THE identification of four key genes and potential therapeutic compounds using machine learning could improve the diagnosis and treatment of sepsis. Sepsis remains a leading cause of mortality in intensive care units, with current biomarkers often lacking specificity and rapid response to treatment. Advances in machine learning offer new possibilities for early detection, personalised treatment, and prognosis evaluation. By integrating gene expression data and computational models, researchers aim to improve diagnostic accuracy and identify novel therapeutic targets.
In this study, gene expression datasets were analysed and combined following quality control and standardisation. A total of 405 differentially expressed genes were identified, including 334 upregulated and 71 downregulated genes. Further analysis using weighted gene co-expression network analysis refined this to 308 potential genes, which were subjected to 113 combined machine learning algorithms. This process identified 22 hub genes, and subsequent protein-protein interaction network analysis narrowed this down to four key genes: CD177, GNLY, ANKRD22, and IFIT1. Functional enrichment analysis highlighted immune response and bacterial infection as primary drivers of sepsis. The diagnostic model was validated using nomogram, decision curve analysis, and clinical impact curves, confirming its predictive reliability. Further molecular docking analysis identified three potential therapeutic compounds (Dieckol, Grosvenorine, and Tellimagrandin II) from a traditional Chinese medicine compound library.

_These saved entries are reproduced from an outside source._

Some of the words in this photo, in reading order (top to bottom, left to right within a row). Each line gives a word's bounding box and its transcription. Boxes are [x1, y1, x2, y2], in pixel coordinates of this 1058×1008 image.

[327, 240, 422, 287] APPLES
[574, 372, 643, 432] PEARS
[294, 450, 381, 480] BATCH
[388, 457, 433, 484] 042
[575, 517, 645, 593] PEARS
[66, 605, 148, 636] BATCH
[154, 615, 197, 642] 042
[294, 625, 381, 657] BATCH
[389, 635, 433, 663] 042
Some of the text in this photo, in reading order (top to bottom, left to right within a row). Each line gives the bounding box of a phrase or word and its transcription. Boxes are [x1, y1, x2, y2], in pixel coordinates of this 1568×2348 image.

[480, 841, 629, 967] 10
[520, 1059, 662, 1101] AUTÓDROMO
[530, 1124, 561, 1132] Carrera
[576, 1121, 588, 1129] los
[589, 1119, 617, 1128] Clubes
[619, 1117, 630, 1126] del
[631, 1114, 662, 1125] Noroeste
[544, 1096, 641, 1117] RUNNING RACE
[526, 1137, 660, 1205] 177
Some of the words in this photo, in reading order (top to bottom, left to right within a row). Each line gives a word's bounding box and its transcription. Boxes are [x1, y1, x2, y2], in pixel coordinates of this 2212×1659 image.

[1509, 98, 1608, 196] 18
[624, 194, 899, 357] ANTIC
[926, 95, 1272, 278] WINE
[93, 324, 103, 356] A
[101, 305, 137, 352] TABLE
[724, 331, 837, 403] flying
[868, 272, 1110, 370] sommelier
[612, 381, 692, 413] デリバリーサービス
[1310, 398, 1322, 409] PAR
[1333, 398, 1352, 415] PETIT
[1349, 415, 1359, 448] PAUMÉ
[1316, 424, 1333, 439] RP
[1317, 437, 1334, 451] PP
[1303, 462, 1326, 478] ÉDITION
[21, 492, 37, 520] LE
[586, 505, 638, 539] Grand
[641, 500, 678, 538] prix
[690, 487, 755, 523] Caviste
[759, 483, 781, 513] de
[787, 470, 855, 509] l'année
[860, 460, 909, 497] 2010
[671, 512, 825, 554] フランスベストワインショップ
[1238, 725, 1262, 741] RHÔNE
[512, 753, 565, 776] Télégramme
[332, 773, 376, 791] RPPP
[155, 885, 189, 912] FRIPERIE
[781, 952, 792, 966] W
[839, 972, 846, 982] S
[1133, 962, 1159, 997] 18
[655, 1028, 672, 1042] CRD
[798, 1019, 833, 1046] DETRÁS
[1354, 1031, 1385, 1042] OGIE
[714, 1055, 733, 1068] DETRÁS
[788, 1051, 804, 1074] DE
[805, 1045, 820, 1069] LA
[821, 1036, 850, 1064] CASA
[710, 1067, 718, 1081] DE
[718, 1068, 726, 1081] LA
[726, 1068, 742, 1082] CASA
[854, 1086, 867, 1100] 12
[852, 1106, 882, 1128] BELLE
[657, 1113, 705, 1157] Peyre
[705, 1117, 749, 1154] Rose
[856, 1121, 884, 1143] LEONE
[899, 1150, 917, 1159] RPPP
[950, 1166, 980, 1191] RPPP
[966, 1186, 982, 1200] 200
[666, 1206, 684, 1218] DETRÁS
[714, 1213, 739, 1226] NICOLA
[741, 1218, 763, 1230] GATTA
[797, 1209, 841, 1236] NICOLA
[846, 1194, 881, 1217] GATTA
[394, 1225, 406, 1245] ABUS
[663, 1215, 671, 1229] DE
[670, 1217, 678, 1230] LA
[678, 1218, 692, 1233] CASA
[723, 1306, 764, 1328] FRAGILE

These findings suggest that machine learning-based diagnostic models could enhance the early identification of sepsis, leading to more timely and targeted interventions. The discovery of key genes associated with sepsis also opens avenues for personalised treatment approaches. The identification of potential therapeutic compounds provides a foundation for future drug development, potentially improving survival rates in critically ill patients.
Jenna Lorge, EMJ
Reference
Zhang W et al. A diagnostic model for sepsis using an integrated machine learning framework approach and its therapeutic drug discovery. BMC Infect Dis. 2025;DOI:10.1186/s12879-025-10616-z.